Être enseignant ? Ce n’est pas tant savoir gérer une classe de trente élèves turbulents que composer, avec plus ou moins de brio, la grande symphonie… des parents ! Derrière chaque cartable s’en cache un – ou deux – et ils ont parfois l’art de sortir LA phrase qui hérisse. Voici le florilège des 8 phrases que les enseignants ne supportent plus d’entendre de la part des parents !

L’instit face à la jungle des attentes parentales

Commençons par la scène d’ouverture : l’école, grandeur nature. Les élèves? Parfois bruyants, souvent attachants, mais rarement le vrai souci du maître ou de la maîtresse. Le défi, c’est la parentèle ! Jusqu’au collège, nombre de parents suivent ardemment la scolarité de leur progéniture.

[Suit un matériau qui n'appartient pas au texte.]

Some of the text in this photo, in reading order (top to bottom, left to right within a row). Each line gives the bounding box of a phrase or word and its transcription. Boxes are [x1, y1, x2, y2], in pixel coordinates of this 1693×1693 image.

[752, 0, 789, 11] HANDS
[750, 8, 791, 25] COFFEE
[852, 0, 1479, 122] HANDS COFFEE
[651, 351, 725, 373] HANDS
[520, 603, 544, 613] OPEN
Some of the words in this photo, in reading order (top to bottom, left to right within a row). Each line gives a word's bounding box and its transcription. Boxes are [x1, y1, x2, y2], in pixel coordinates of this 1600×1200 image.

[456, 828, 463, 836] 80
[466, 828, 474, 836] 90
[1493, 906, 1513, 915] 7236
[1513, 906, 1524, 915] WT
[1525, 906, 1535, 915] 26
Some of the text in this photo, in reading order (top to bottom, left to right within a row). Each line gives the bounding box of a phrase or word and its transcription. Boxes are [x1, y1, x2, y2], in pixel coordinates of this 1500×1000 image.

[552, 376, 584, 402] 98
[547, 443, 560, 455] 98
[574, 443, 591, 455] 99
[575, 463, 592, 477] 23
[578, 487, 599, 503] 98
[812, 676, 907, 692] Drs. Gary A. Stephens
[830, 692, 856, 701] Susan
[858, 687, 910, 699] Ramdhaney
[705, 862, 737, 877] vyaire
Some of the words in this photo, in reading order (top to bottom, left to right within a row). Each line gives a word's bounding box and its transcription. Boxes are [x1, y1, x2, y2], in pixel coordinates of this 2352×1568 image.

Et chacun détient la recette de « l’école idéale » (attention, spoilers : aucune des recettes ne se ressemble).

  • Certains veulent un programme accéléré, façon « Les douze travaux d’Hercule » version mathématiques.
  • D’autres considèrent que l’enfant n’avance pas assez, ou pire, qu’il est oublié.
  • Certains réclament plus de sport, de peinture, de méthodes alternatives façon Montessori/Frenet/Steiner-Waldorf…
  • Et il y a ceux pour qui seuls maths et français valent le détour !

Résultat : impossible de satisfaire tout le monde… et les enseignants nagent en plein paradoxe.

Courage, maîtresses et maîtres ! Les phrases qui piquent le plus

  • « Mon enfant a sûrement un haut potentiel… » : C’est la nouvelle excuse à la mode pour justifier l’énergie, disons… explosive de certains enfants. Certes, les enfants à haut potentiel existent (2,28 % de la population, tout de même), mais non, cela n’excuse pas automatiquement qu’il sème la pagaille à chaque sonnerie.
  • « Vous connaissez la pédagogie Montessori/Frenet/Steiner-Waldorf ? » : Oui, oui, la maîtresse en a entendu parler. Mais ce n’est pas pour autant qu’elle va renoncer à son propre jugement. Il n’y a rien de plus exaspérant que de se faire expliquer son métier alors qu’on compte déjà trente élèves à son actif.
  • « Il est hypersensible, vous comprenez… » : L’hypersensibilité existe, la psychologie le dit. Mais ce n’est pas parce que l’enfant a le larmichette facile qu’il faut renoncer à pointer (gentiment) ses difficultés de comportement ou d’apprentissage.
  • « On partait en vacances… » : Au moins c’est honnête, on vous l’accorde – mais non, ce n’est pas à l’enseignant de rappeler que l’école, c’est obligatoire et que chaque absence doit être justifiée. Le « hors saison » ne fait pas partie des excuses acceptées !
  • « Mais il ne fait jamais ça à la maison ! » : Franchement, à qui faire confiance ? À la maîtresse qui manage une troupe de trente ou à la version « ange » que vous avez à la maison ? Spoiler : tous les enfants ont leur lot de facettes, selon le contexte…
  • « Il n’a pas assez de devoirs/il en a trop ! » : La circulaire du 29 décembre 1956 interdit bien les devoirs écrits à la maison (seuls les oraux et les recherches sont autorisés). Mais dans la pratique, si les enfants n’ont pas de devoirs, les parents râlent ; s’ils en ont, ils râlent aussi. Bref, cercle sans fin…
  • « Il faudrait lui faire sauter une classe ! » : HPI encore ? Si votre enfant apprend vite, tant mieux, savourez et laissez les autres avancer à leur rythme. Sauter une classe ne se décide pas à la légère ni pour fanfaronner au prochain dîner de famille.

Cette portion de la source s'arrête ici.